Dead Island
This one’s a tricky one to recommend. It’s good in that the melee combat feels like a massive focus, but it has some fairly large issues.
Yeah, the melee is clever in the localised damage, limb-removal and headshots. But the weapons degrade really quickly and the repairing system is arbitrary as hell; $2000 to fix a broken sword? What sense does that make when you’re alone in a sewer? Also, small thing, but it bugged me; when you pick up any ‘weapon’, including alcohol as a crafting ingredient, there’s a chance it’ll replace your equipped weapon. Sucks when you accidentally pick up a bottle of whiskey and down it instead of hitting a zombie.
Later in the game you get guns and let me tell you, they are utter sh*te. Without modding the game (or maybe choosing the gun-focussed character), guns are NOT worth using against zombies. A good fatal headshot mod fixes this, but makes special infected too easy. Weigh it up before using.
The Human Element
A note about the human enemies; they’re basically zombies with guns. 5 magnum rounds to the chest doesn’t slow them until the 6th kills them. They use cover and have unerring accuracy even when you’re running. Overall they suck.

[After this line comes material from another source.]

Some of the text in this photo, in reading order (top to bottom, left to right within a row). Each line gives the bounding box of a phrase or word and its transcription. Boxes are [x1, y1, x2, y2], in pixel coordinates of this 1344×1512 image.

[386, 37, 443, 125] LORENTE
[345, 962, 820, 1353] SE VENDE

The crafting upgrades are very specific – you need to use the right one for your character, or it’s almost useless – and the right ones make the game very easy to tank, even with weaker characters. Collect every loose item you can and don’t sell them unless you REALLY need money. As soon as you do, you’ll need one of the bits for a recipe, guaranteed.
Dancing Around The Point
It may sound like I’m complaining a lot, but these things are all peripherals to a remarkably solid close combat system. I’ve not tried the ‘analog’ controls, but even the keyboard ones allow a very fluid fighting style with minimalist controls; dodging, jumping and crippling hits are all easy to learn and tricky to master meaning that you can spend hours on end practising against the infinitely-respawning enemies.

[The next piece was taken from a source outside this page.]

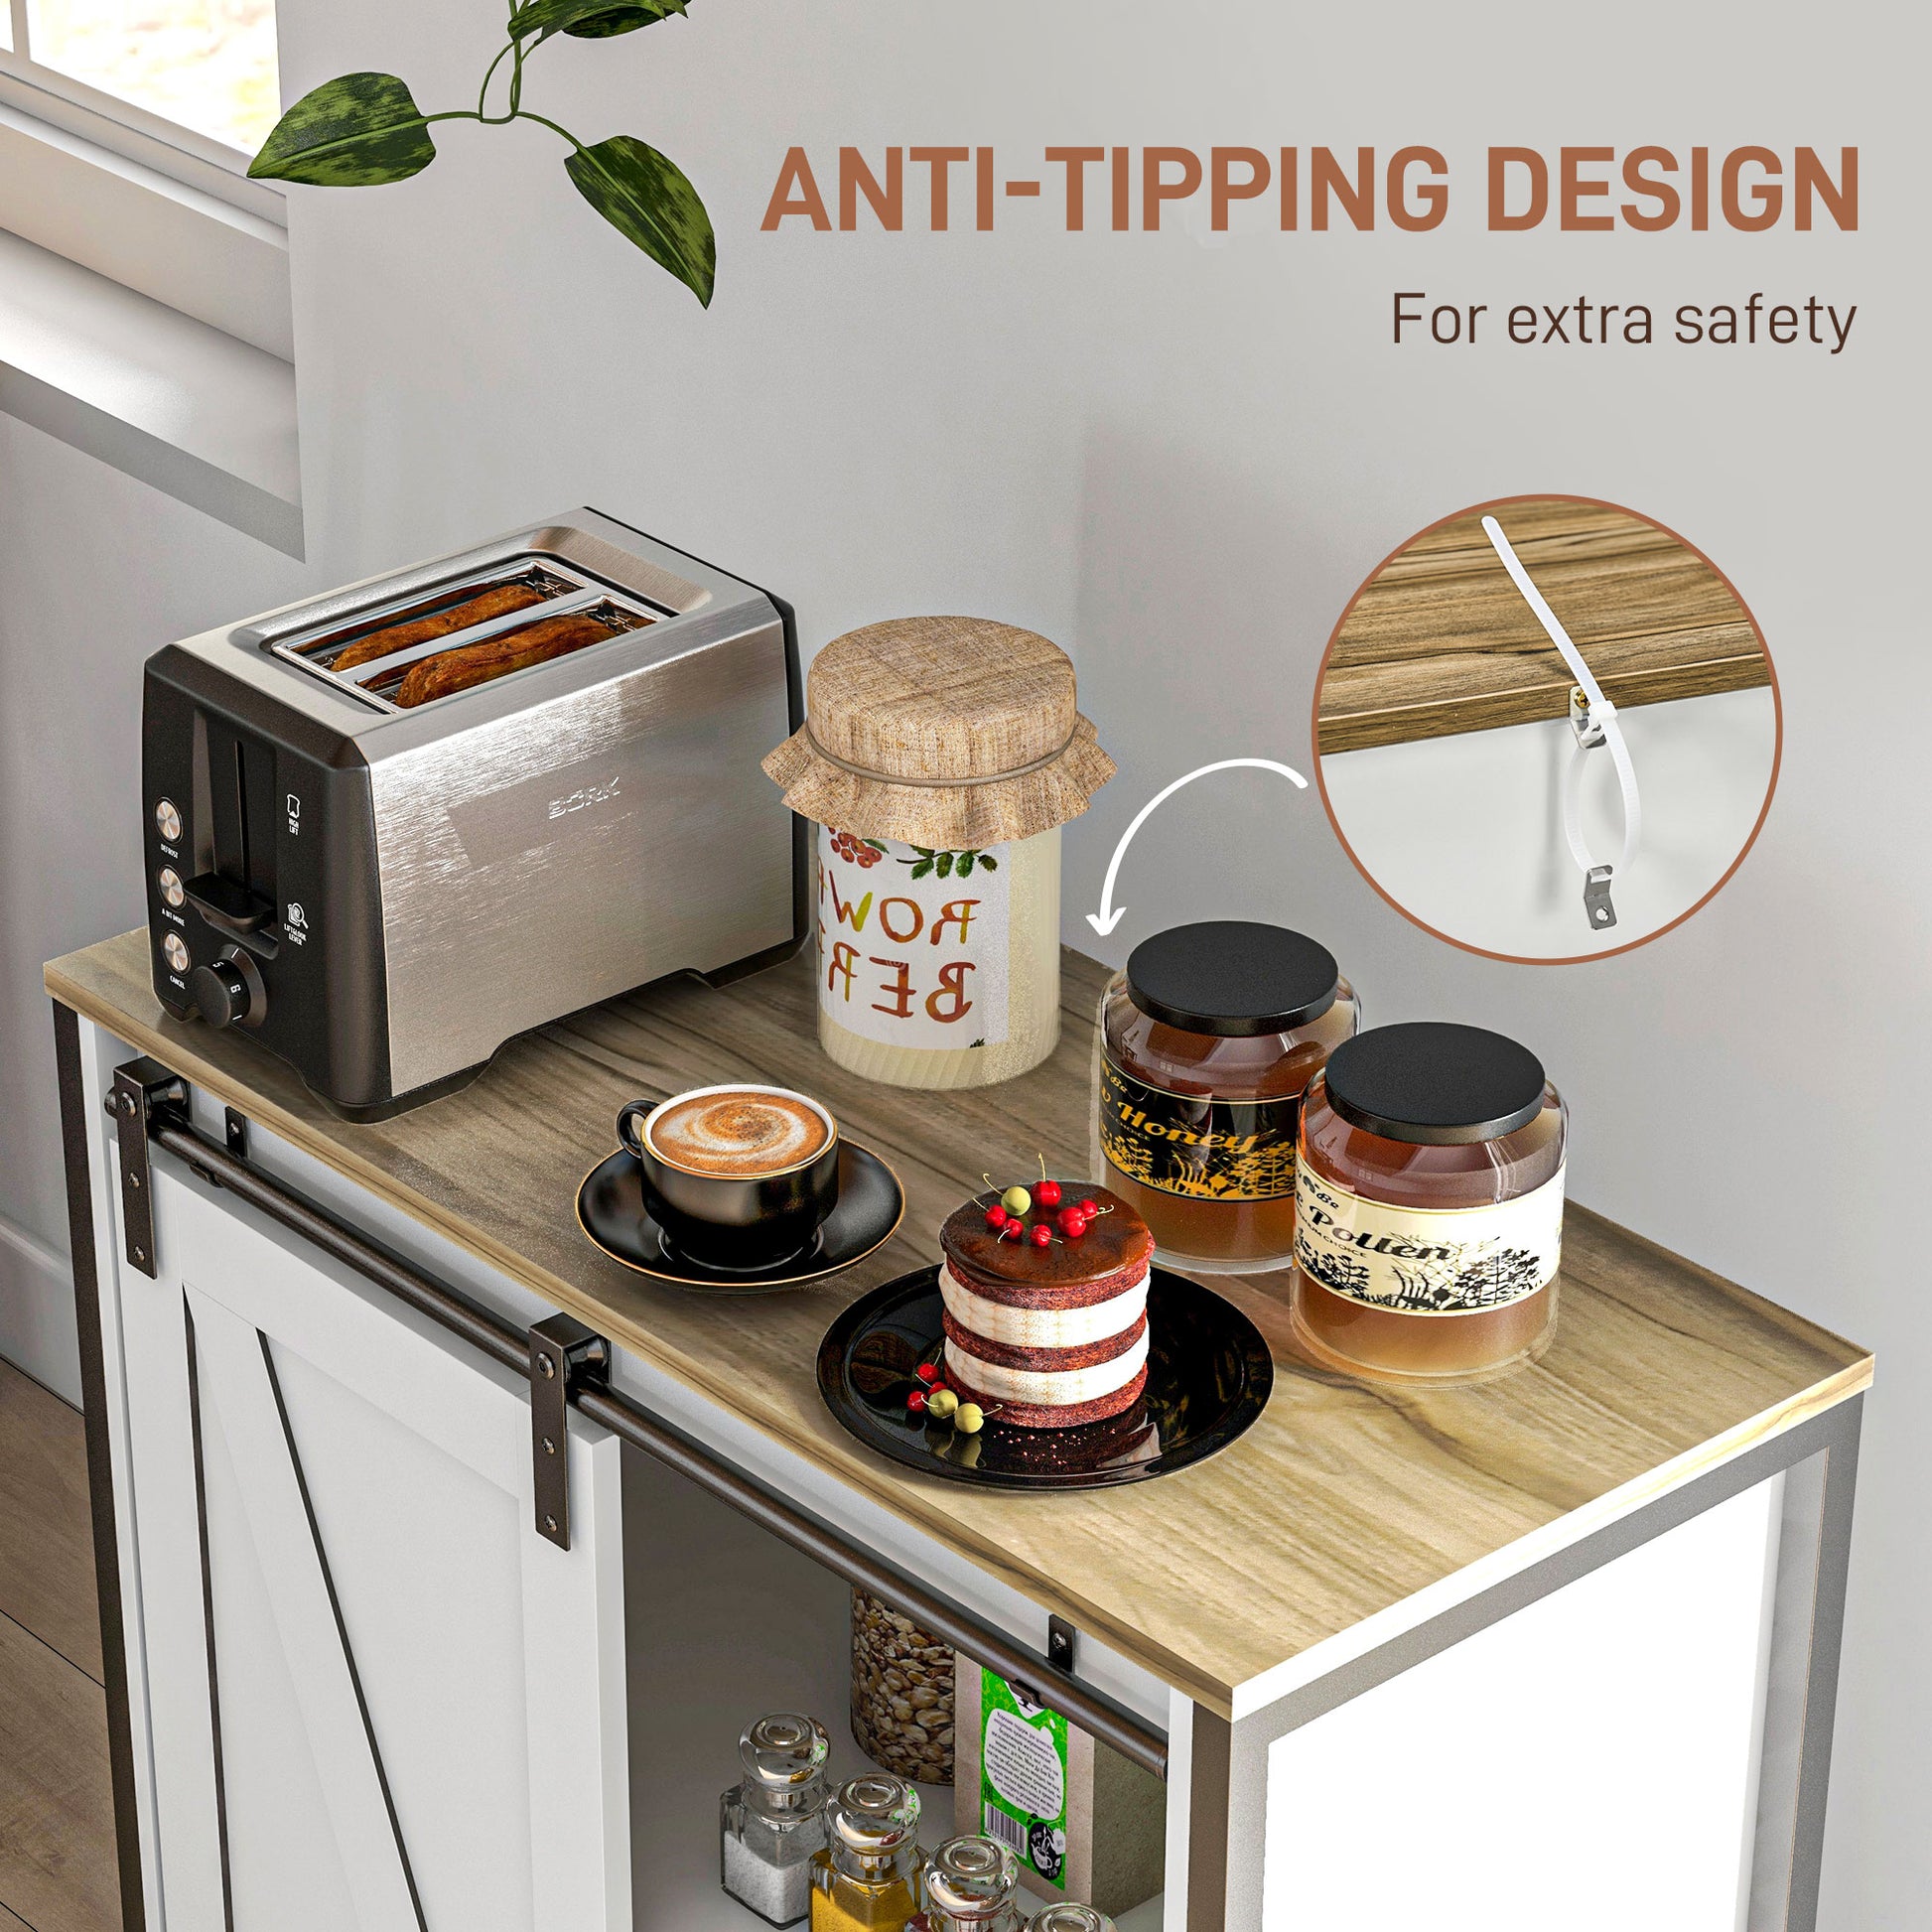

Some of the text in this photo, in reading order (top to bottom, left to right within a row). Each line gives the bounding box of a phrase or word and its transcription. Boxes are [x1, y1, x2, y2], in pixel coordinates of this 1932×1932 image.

[169, 975, 186, 989] CANCEL
[1117, 1101, 1260, 1155] Honey
[1309, 1204, 1449, 1261] Pollen

Choose your character carefully as it will completely dictate your playstyle; a bold move for a co-op game like this, but it adds replayability enough to try all 4.
Single player can get a bit grating at times, not for difficulty, just because it is made as a co-op. Cutscenes, dialogue and even the death system are all geared for multiple players. A lot of these things should have been tweaked to make single player seem as legitimate as co-op, but it’s not deal-breaking.
Give this a go, especially with a friend or three.